Anonymity remains a central problem of the online puppy trade: puppies are purchased on classified ad sites with little more than the click of a button, and the sellers, who only need an email address to place an ad, can disappear once the sale is made. However, the new EU Animal Health Law (AHL), coming into full force in 2021, will require all those involved in the breeding, sale and transport of puppies to register their establishments with their national authorities. With the introduction of the AHL, FOUR PAWS identified an additional opportunity to prevent illegal puppy dealers from selling on classified ad sites: The FOUR PAWS model solution proposes that every puppy is identified with a microchip and registered with its owner in a national pet database by a veterinarian. Then, only dogs with valid data can be advertised online. Moreover, the authorities will be able to identify all persons involved in a dog’s life.
“Our model solution enables classified ad sites to check a dog’s registration details – based on the data available in the pet microchipping databases. At the same time, they can check whether a seller is registered according to the Animal Health Law. Thereby this solution protects both humans and animals”

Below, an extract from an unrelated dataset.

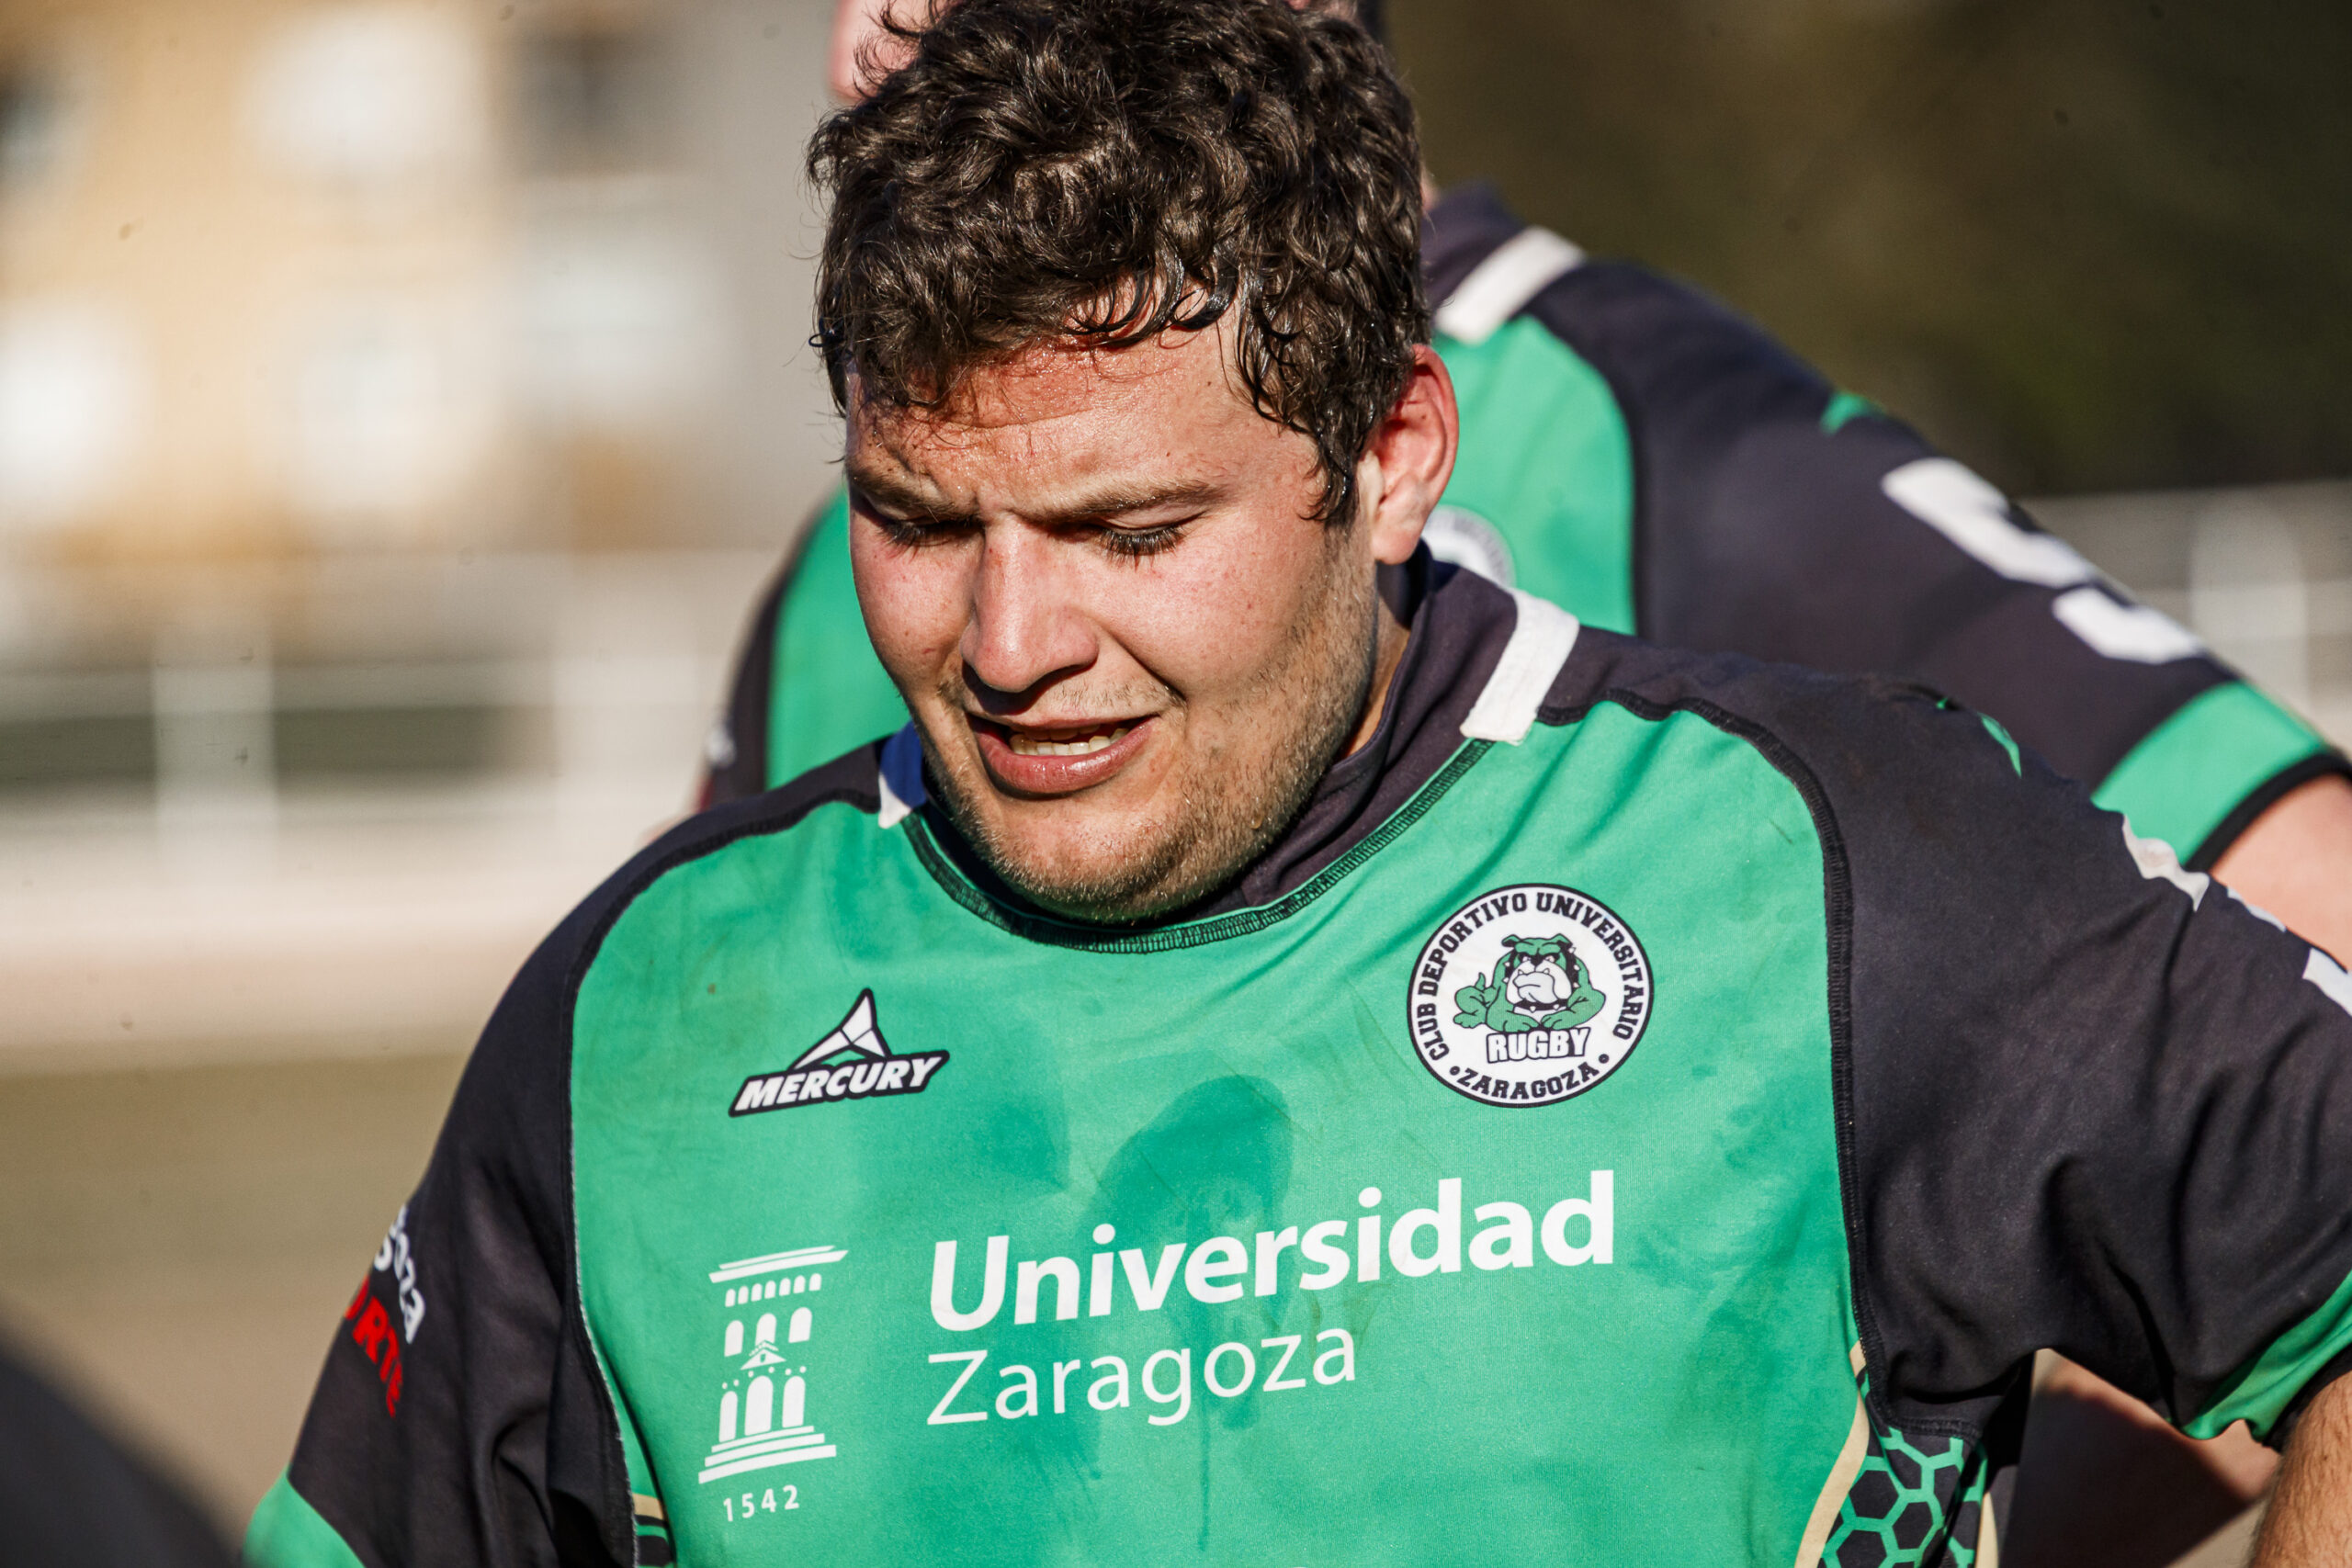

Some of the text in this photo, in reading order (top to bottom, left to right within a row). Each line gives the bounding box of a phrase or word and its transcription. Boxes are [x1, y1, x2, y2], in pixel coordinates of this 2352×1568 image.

Joanna Randall, Head of Companion Animal Campaigns at FOUR PAWS International
Growing demand for cheap purebred puppies
The growing demand for purebred puppies in Western Europe has led to puppy farms being set up in countries such as Hungary, the Czech Republic, Slovakia and Romania. These backyard farms primarily supply pet shops and puppy dealers. Puppies are bred at the lowest possible cost and kept in deplorable conditions. The puppies are often sick and unvaccinated, and have forged or non-existent identification and vaccination documents, posing considerable risk to both human and animal health. Due to the high demand and low costs, the profit margins are extremely high, and the risk of being caught is low. “FOUR PAWS is determined to implement a strict and properly enforced system to end the illegal puppy trade online, however, to be effective we need national government support to introduce the model solution,” says Randall. The proposed system will further enable the authorities to trace undeclared taxable income, as many of the puppy dealers are operating on a commercial scale but are not registered as such and therefore not paying the proper taxes.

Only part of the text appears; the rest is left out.